10 Dari hal-hal diatas, penulis merasa perlu untuk melakukan penelitian tentang AQ pada siswa pribumi yang bersekolah di sekolah pembauran dan siswa pribumi yang bersekolah di sekolah negeri. Siswa pribumi di sekolah pembauran dan negeri dipilih karena adanya perbedaan dalam lingkungan seperti disiplin dan teman sebaya. Menurut Stoltz (2004) adversity quotient juga dipengaruhi oleh lingkungan. B. RUMUSAN MASALAH Berdasarkan latar belakang yang telah dipaparkan sebelumnya, maka penulis tertarik untuk mengetahui Apakah terdapat perbedaan adversity quotient pada siswa pribumi di sekolah pembauran dengan adversity quotient pada siswa pribumi di sekolah negeri? C. TUJUAN PENELITIAN Penelitian ini bertujuan untuk memperoleh data empiris sebagai dasar untuk menjawab permasalahan utama yang diangkat, yaitu melihat perbedaan antara adversity quotient pada siswa pribumi di sekolah pembauran dengan adversity quotient pada siswa pribumi di sekolah negeri.

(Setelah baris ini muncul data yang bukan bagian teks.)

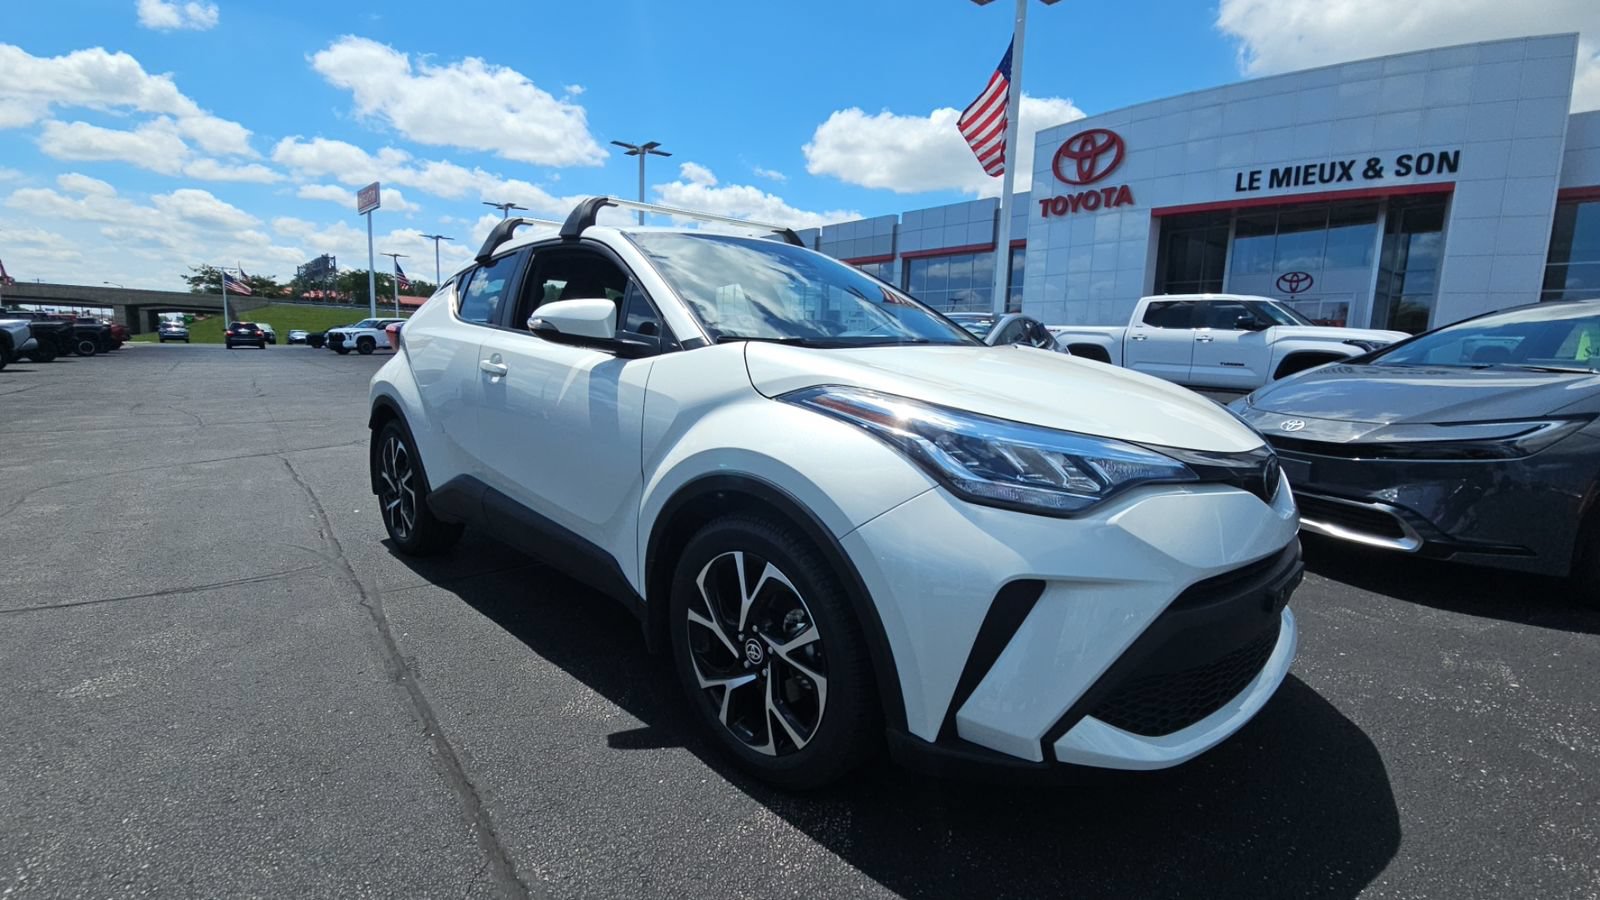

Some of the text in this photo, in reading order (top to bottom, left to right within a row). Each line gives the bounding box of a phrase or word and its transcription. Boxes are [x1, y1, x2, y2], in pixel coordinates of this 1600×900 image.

[1235, 150, 1460, 192] LE MIEUX & SON
[1039, 185, 1135, 218] TOYOTA

11 D. MANFAAT PENELITIAN Adapun manfaat dari penelitian ini adalah : 1. Manfaat Teoritis Hasil penelitian ini diharapkan dapat memberikan sumbangan ilmu pengetahuan di bidang psikologi, khususnya di bidang psikologi pendidikan terutama yang berkaitan dengan adversity quotient, adversity quotient pada sekolah pembauran dan sekolah negeri. Penelitian inijuga diharapkan sebagai referensi teoritis mengenai keadaan adversity quotient di kedua sekolah. Selain itu, penelitian ini juga dapat menjadi bahan referensi teoritis atau empiris untuk penelitian selanjutnya. 2. Manfaat Praktis Manfaat praktis yang diharapkan dari penelitian ini adalah sebagai referensi bagi orang tua dan siswa untuk lebih memahami hambatan yang dapat diubah menjadi peluang dalam proses belajar dan mengajar. Sebagai referensi bagi pihak sekolah, siswa, guru dan orang tua agar dapat melakukan peningkatan dan perbaikan kualitas diri serta pemahaman mengenai adversity quotient. E. SISTEMATIKA PENULISAN Skripsi ini terdiri dari lima bab, dimulai dari bab I sampai bab V. Adapun sistematika penulisan proposal penelitian ini adalah : BAB I: Pendahuluan Merupakan bab pendahuluan, yang terdiri atas :

12 Latar belakang masalah, rumusan masalah, tujuan penelitian, manfaat penelitian (manfaat teoritis dan manfaat praktis), dan sistematika penulisan. BAB II: Landasan Teori. Merupakan bab yang berisi landasan teori, yang terdiri atas: teori adversity quotient, sekolah pembauran dan sekolah negeri serta perbedaan adversity quotient antara siswa pribumi di sekolah pembauran dengan siswa pribumi di sekolah negeri. BAB III: Metode Penelitian Merupakan bab yang menguraikan jenis penelitian; identifikasi variabel penelitian; definisi operasional variabel penelitian; populasi, sampel, dan metode pengambilan sampel; metode pengumpulan data; alat ukur penelitian, validitasdan reliabilitas alat ukur;metode analisa data dan tahap pelaksanaan penelitian. BAB IV: Analisa Data dan Pembahasan Merupakan bab yang menguraikan hasil analisa data dan pembahasan dari hasil analisa datayang diperoleh. BAB V: Kesimpulan dan Saran Merupakan bab yang menguraikan kesimpulan dan saran dari hasil analisa data yang diperoleh dari bab sebelumnya.